Analitycy polityczni i prognozy oczekują rekordowej frekwencji w jutrzejszych wyborach w USA. Czas oczekiwania na głosowanie może potrwać kilka godzin.
Odeprzyj pokusę wyskoczenia z linii, przygotowując się na czekanie. Oto 6 rzeczy, które możesz zrobić, aby czas oczekiwania upłynął szybciej:
1. Nadrobić zaległości w czytaniu. Jeśli masz stos książek lub czasopism, których nie czytałeś, wrzuć parę do torby i poświęć trochę czasu na nadrobienie zaległości.

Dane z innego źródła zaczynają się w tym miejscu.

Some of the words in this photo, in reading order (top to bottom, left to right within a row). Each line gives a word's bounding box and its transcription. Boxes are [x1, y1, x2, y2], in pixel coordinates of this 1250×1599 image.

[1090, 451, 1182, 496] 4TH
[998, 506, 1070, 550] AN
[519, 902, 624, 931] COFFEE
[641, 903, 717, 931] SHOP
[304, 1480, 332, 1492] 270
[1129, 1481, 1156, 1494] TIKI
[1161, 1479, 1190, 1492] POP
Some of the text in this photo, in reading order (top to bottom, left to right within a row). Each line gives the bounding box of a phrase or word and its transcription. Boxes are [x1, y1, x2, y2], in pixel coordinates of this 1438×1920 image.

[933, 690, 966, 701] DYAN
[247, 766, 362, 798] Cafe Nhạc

2. Rozpocznij rozmowę. Rzadko jest mieć niewolniczą publiczność. Nie musisz rozmawiać o polityce - w rzeczywistości możesz uniknąć tego tematu - ale nie spiesz się, rozmawiając z ludźmi w pobliżu. Każdy uwielbia opowiadać historie.

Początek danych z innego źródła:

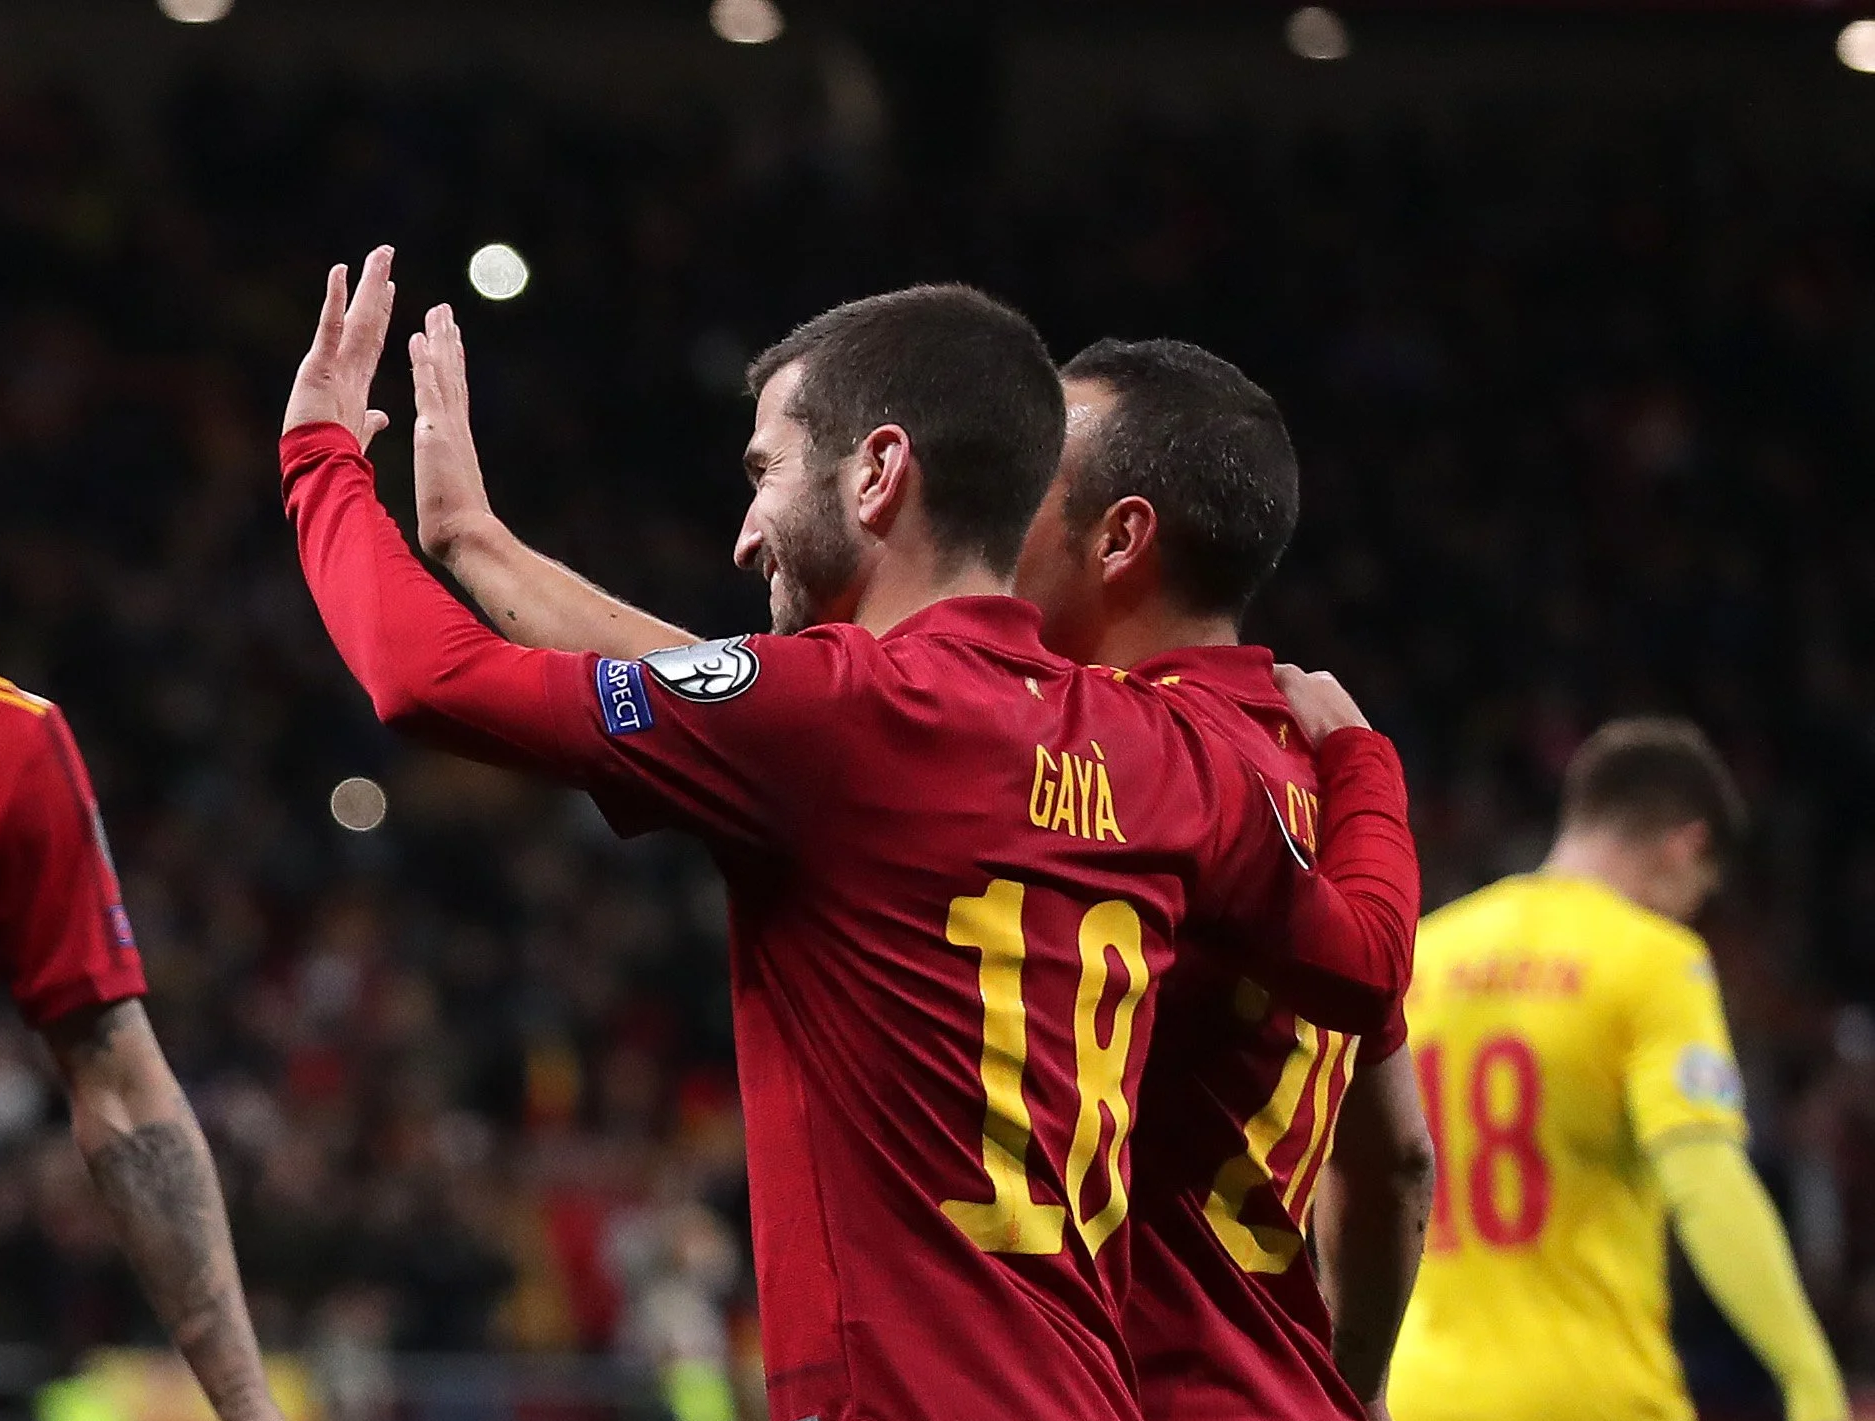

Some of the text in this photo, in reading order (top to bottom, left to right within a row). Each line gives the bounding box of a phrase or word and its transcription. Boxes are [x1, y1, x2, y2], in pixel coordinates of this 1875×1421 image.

3. Uzyskaj szybki start postanowień noworocznych. Rok 2009 jest tuż za rogiem i niezależnie od tego, kto wygra wybory, rozpoczniemy nowy rok z nowym prezydentem. Zastanów się, czego chcesz doświadczyć w 2009 roku i zrób listę uchwał, czekając na swój wpływ na przyszłość.
4. Zaplanuj jednodniową wycieczkę samochodową. Dzień inauguracji upływa 20 stycznia 2009 r. Spraw, by minuty (lub godziny) minęły szybciej, planując podróż do stolicy USA w dniu zaprzysiężenia nowego prezydenta.
5. Dokumentuj swoje doświadczenia. Jeśli masz telefon komórkowy z funkcją SMS-ów, informuj znajomych i cały świat o tym, co dzieje się wokół ciebie. Śledź na Twitterze swój okręg wyborczy lub rób notatki do wpisu na blogu.
6. Napisz list. Bierzesz udział w historycznych wyborach w krytycznym momencie w historii USA. Napisz list - do swojego przyszłego dziecka, do następnego pokolenia, do siebie za 10 lat - o tym, jak to jest czekać w kolejce do głosowania w tych wyborach.